▶ TASK DIRECTIONS:
Write out every record below exactly as it appears, omitting the pictures.

□ □ □ □ □ □ □

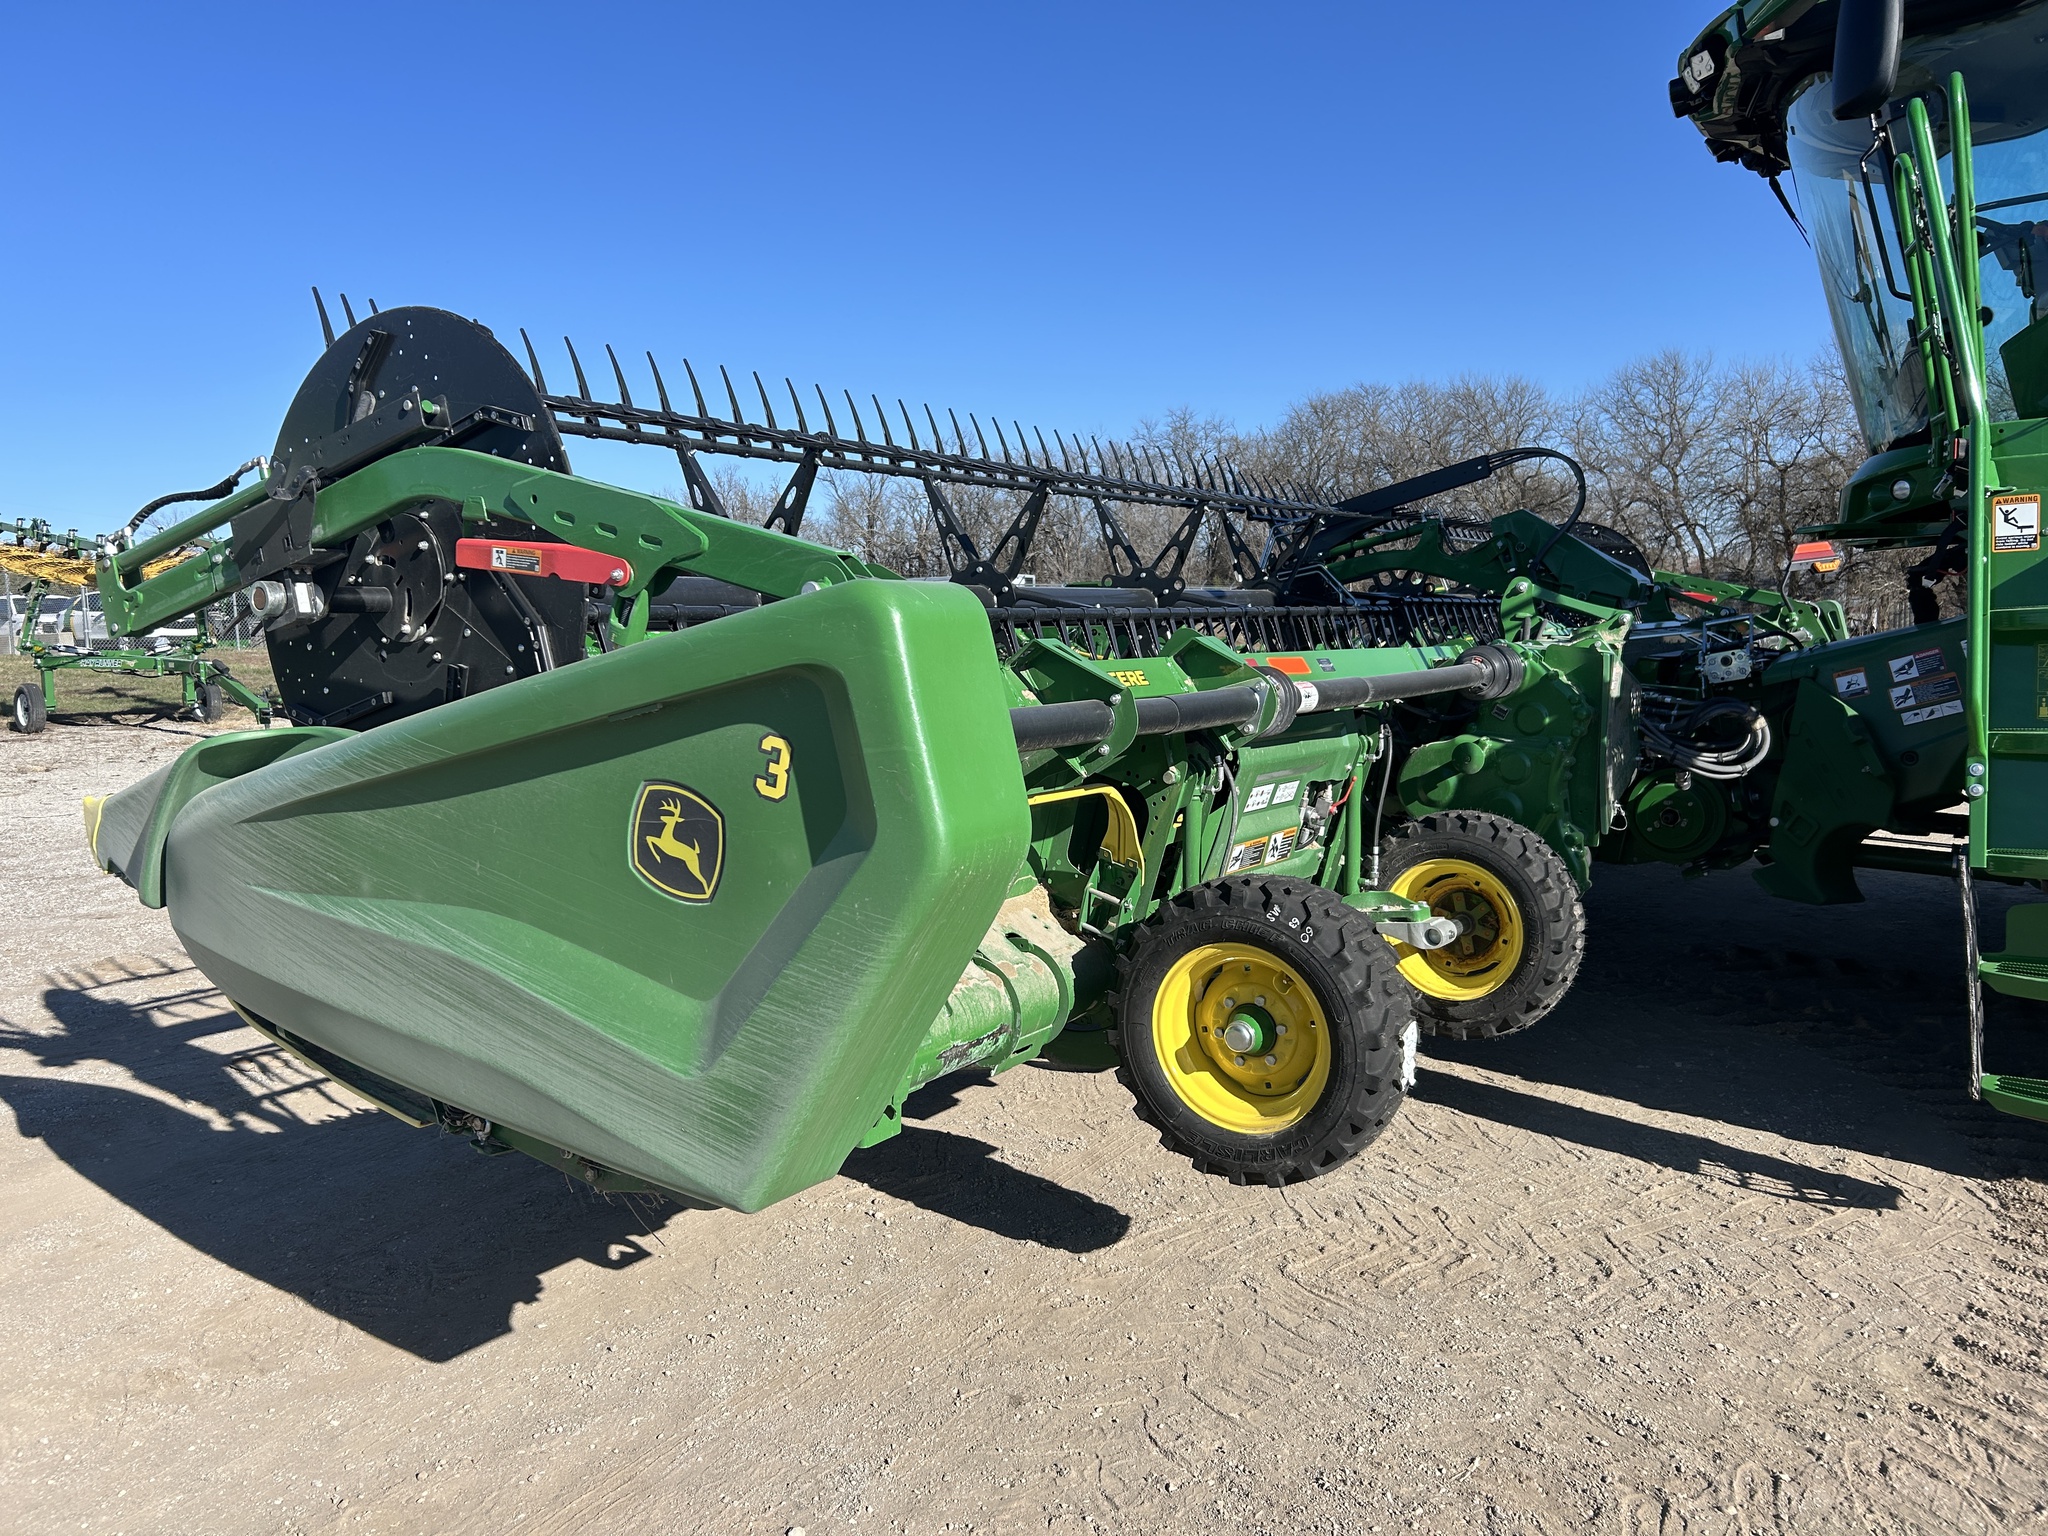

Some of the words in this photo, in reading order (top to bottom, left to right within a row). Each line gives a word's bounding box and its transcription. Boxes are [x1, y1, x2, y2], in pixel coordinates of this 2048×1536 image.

[2003, 495, 2038, 504] WARNING
[753, 732, 794, 803] 3
[1220, 917, 1287, 944] CHIEF
[1184, 1129, 1311, 1164] CARLISLE
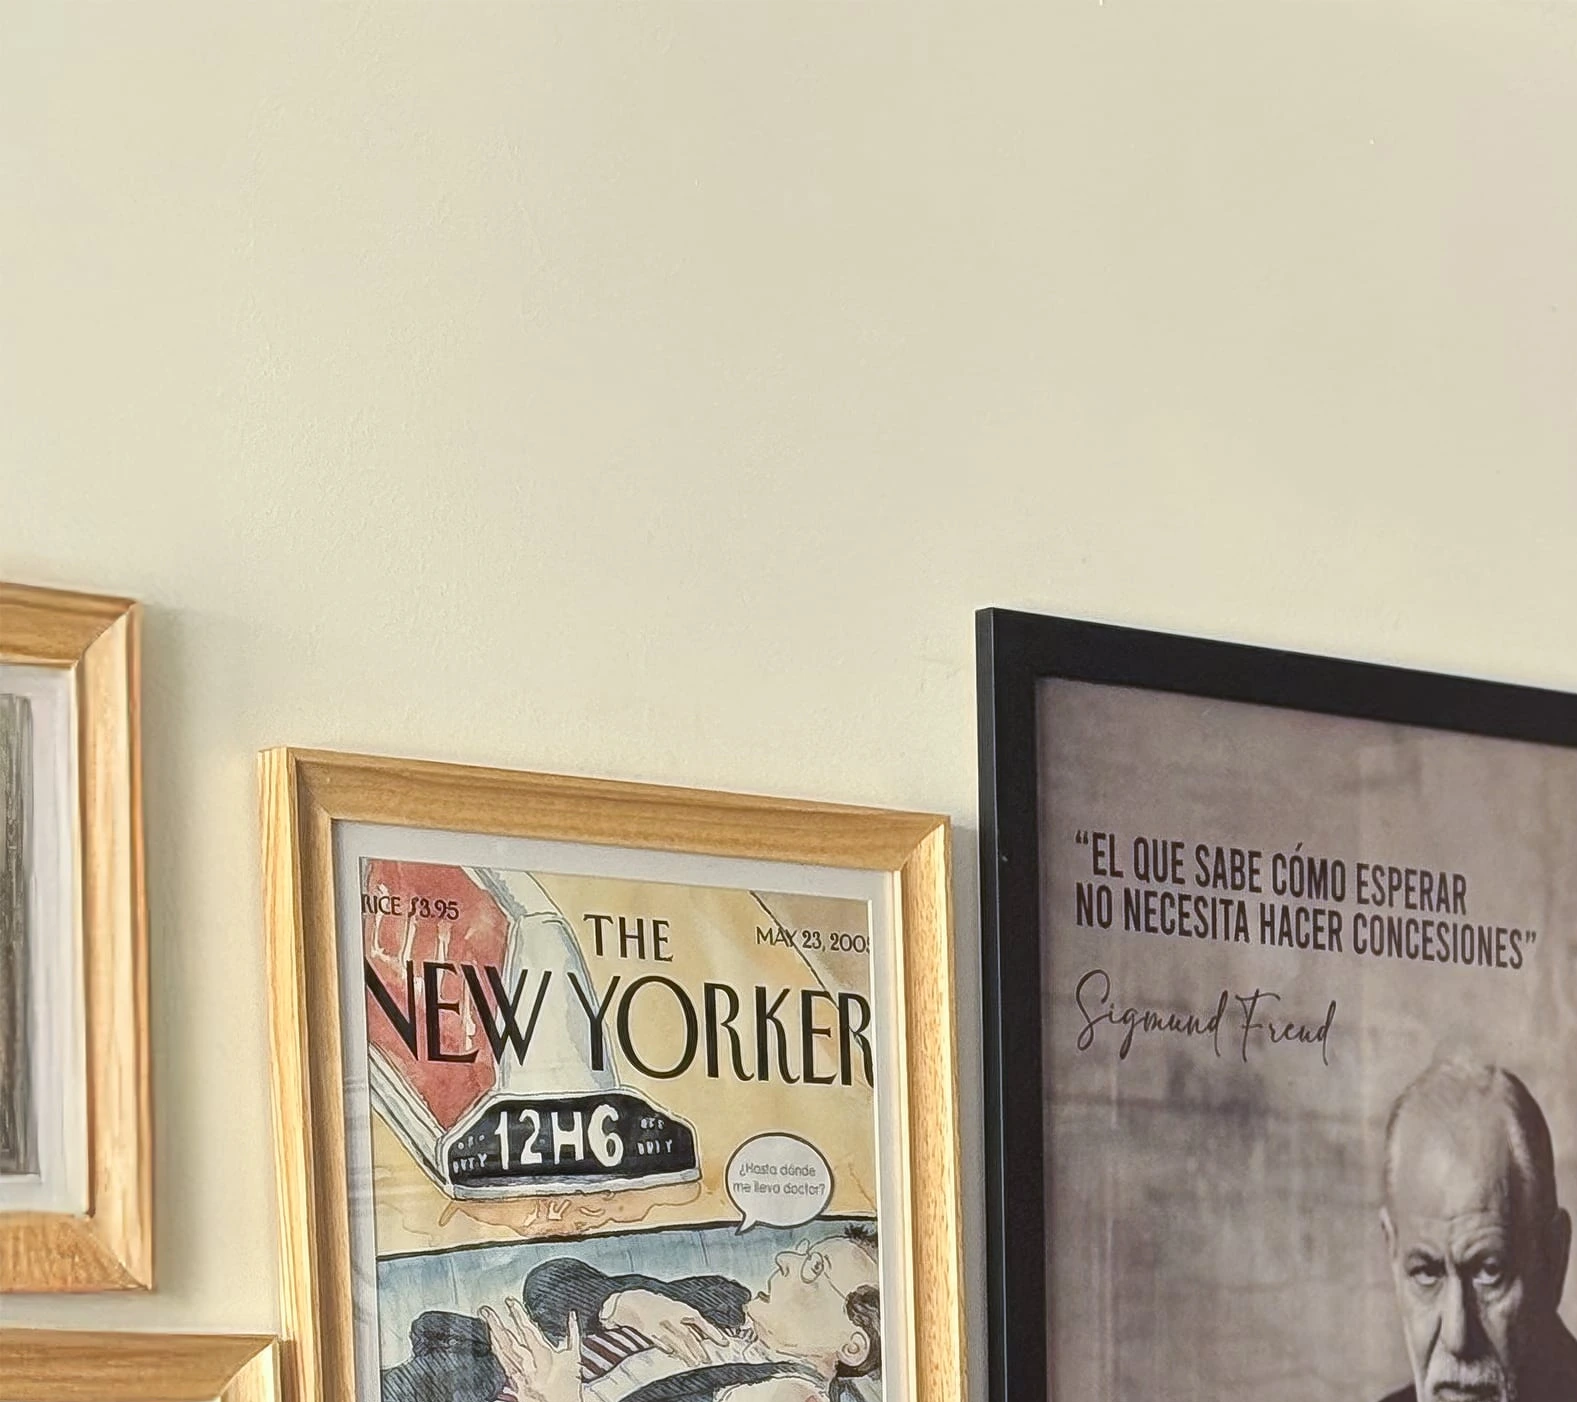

□ □ □ □ □ □ □

▶ WRITTEN ANSWER:
Some of the words in this photo, in reading order (top to bottom, left to right within a row). Each line gives a word's bounding box and its transcription. Boxes are [x1, y1, x2, y2], in pixel coordinates of this 2048×1536 image.

[2003, 495, 2038, 504] WARNING
[753, 732, 794, 803] 3
[1220, 917, 1287, 944] CHIEF
[1184, 1129, 1311, 1164] CARLISLE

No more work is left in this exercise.